La tercera acompañante, ya en Ecuador, no sé cuándo apareció. Al dormirme, el asiento estaba vacío. Al despertarme, estaba ella ahí, dormida. No podía evitar no hablarle, quería saber de ella. No porque me llamara la atención, sino porque quería hablar.

- Papito espéreme en Guayaquil, claro ya voy pa' allá pues

Es colombiana, pensé. Fueron pocas las palabras que cruzamos.

- Este bus son puros venezolanos, son muchos, me dijo.

- Y los que faltan, le respondí.

 A ella, su papito la esperaba en una moto en el terminal de Guayaquil. En la foto siguiente, pueden verla.



De Guayaquil a Tumbes, frontera de Perú, solo quería dormir.
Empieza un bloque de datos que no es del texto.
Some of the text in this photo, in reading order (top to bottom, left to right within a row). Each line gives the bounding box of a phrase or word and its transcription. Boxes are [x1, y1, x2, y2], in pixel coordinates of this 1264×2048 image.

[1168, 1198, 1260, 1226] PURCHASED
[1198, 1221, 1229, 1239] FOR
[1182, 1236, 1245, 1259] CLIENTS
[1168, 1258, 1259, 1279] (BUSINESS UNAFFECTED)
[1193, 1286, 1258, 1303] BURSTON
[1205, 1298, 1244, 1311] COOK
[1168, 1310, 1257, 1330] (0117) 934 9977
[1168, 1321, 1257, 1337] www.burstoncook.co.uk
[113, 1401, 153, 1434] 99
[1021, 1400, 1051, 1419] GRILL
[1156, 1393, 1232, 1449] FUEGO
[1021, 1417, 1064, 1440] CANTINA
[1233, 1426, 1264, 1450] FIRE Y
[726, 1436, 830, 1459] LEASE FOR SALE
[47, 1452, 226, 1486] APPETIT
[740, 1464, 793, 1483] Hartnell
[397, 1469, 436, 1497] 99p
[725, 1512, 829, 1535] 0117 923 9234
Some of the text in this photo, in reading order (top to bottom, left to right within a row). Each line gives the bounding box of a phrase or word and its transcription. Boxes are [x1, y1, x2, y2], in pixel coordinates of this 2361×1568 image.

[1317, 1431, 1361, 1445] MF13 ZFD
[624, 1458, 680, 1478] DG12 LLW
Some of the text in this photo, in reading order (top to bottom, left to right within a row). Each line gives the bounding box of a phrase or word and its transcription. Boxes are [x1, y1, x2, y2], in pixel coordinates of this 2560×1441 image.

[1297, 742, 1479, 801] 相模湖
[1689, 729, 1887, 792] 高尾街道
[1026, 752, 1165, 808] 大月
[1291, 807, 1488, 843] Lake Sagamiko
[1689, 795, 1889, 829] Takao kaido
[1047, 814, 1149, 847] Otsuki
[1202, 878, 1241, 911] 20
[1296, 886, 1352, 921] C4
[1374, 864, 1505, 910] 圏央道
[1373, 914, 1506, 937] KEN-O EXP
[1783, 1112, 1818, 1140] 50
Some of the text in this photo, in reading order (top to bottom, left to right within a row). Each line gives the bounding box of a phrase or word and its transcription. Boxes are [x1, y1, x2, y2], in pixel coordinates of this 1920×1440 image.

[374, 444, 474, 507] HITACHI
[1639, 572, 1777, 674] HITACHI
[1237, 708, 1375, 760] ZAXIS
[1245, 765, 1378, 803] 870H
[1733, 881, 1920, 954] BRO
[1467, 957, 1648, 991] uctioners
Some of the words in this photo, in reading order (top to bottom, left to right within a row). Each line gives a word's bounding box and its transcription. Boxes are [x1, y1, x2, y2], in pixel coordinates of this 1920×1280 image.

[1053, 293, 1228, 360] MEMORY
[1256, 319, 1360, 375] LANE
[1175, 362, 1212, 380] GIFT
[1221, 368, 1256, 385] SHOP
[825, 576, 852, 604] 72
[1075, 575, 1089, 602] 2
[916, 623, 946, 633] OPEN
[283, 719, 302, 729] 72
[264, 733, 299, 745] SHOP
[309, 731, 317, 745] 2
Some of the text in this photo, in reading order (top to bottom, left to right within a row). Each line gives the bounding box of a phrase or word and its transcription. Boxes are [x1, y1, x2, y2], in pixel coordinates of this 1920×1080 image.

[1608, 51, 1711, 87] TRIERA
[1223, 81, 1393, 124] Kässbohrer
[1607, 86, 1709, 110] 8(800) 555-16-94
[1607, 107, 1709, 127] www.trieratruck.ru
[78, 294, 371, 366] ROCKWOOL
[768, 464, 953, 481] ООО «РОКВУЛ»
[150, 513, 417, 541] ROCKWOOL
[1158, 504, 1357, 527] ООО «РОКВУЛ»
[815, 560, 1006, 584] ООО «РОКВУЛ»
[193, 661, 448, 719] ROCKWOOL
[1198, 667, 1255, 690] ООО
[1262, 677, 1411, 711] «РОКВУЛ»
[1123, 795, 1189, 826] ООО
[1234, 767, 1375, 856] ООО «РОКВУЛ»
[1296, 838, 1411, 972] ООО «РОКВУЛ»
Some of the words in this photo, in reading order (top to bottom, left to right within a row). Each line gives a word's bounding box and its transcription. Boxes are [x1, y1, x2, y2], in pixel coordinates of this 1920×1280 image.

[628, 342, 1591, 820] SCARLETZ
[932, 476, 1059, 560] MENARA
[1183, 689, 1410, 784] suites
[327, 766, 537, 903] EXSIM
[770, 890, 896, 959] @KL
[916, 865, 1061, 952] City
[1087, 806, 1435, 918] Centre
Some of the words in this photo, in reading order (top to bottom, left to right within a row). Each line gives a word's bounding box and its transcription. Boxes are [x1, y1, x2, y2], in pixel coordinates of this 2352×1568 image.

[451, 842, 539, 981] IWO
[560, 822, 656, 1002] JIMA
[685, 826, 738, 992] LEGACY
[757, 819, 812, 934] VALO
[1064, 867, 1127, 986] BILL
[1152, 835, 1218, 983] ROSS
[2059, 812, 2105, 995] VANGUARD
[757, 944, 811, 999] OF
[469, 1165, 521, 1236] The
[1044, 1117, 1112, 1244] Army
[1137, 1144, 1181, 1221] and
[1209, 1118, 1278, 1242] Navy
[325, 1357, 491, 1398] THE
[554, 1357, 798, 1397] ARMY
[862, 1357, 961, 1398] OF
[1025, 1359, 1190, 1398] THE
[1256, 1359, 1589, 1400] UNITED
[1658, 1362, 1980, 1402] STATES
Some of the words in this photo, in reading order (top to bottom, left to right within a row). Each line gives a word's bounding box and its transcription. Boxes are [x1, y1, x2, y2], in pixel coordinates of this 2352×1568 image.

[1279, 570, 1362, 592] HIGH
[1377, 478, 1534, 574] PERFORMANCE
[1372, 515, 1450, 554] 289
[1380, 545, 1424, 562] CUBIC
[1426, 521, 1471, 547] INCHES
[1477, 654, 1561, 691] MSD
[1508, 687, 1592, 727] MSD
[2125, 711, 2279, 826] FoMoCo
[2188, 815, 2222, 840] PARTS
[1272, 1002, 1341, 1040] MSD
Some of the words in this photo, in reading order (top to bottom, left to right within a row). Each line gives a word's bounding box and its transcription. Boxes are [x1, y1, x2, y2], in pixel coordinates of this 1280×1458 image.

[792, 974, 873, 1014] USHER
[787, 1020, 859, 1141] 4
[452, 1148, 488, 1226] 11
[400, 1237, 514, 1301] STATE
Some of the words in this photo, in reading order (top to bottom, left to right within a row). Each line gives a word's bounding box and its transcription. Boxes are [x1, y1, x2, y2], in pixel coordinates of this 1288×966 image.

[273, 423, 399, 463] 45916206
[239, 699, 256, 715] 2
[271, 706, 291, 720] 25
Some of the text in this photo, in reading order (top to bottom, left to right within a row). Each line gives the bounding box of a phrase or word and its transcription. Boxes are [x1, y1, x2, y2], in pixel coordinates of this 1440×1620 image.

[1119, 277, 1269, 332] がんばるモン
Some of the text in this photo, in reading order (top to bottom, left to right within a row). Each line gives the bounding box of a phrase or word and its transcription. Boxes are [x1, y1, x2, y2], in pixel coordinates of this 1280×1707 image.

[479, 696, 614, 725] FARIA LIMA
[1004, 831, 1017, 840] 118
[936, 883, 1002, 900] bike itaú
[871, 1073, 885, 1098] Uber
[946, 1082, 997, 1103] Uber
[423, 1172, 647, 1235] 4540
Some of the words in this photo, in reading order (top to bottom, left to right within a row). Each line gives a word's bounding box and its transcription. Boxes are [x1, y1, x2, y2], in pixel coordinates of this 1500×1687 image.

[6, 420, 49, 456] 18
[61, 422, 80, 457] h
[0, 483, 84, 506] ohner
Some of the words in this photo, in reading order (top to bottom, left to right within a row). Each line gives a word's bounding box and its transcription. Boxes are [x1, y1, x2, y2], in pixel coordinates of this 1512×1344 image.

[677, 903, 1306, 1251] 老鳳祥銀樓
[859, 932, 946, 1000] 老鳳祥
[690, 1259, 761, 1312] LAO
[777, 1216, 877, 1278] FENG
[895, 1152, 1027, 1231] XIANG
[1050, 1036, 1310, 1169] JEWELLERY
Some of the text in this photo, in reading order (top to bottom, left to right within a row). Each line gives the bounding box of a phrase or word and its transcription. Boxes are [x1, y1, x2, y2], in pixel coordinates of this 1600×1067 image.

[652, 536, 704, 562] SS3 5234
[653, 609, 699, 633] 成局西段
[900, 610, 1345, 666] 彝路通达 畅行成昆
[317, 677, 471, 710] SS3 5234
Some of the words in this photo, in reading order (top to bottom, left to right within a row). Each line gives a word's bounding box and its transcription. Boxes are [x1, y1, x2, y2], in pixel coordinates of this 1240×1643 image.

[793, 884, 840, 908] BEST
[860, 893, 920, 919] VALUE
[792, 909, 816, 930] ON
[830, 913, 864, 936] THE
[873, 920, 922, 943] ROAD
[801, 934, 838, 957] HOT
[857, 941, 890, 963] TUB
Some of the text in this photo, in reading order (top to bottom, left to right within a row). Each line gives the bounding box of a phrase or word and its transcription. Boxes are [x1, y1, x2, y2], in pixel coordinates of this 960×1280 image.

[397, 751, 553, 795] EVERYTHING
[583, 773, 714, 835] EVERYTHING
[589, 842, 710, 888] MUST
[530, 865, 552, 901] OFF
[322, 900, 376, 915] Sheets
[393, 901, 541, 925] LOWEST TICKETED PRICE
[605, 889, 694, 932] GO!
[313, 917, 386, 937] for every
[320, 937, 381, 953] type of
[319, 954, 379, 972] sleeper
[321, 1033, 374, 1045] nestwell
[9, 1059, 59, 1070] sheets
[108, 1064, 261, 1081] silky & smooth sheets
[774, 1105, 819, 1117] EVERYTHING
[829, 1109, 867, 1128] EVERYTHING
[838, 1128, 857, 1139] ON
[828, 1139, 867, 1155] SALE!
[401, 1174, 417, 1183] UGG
No me sacaba de la cabeza el recuerdo del cumpleaños de mi papá. El primero que estamos lejos. También el de mi madrina, y no solo es la lejanía. Es la incertidumbre, y el estar lejos porque sí, porque nos tocó. El acompañante también durmió, hasta que a mitad de la carretera, bajó del autobús y se quedó en un pequeño pueblo fronterizo. Creo que trabajaba en construcción porque sus uñas y dedos estaban maltratados. Aunque su ropa estaba conservada.

El quinto y último, venía de Guayana, donde nació en Venezuela. La verdad, no recuerdo a donde iba, pero hablamos sobre el Río Caroní, el Orinoco, el parque La Llovizna y el sabor del chivo guisado, lugares y comida que una vez visité. Luego de casi 8 horas de viaje, el señor solo había tomado dos buches de agua. De las últimas galletas que me quedaban, le regalé un paquete y compartimos el diablito. Fue lo único que yo le vi comer.

Entre el sueño y el cansancio, el destello de luz a media noche y un grito desesperado me trajeron a la realidad.

- Los que se bajan en Trujillo, al toque, bajando

Llegamos. Y aunque quisiera que fuese Trujillo en Venezuela, estaba a más de 3.800 kilómetros, con dos maletas. Un año antes, jamás pensé que el susurro de esa idea, se cumpliera.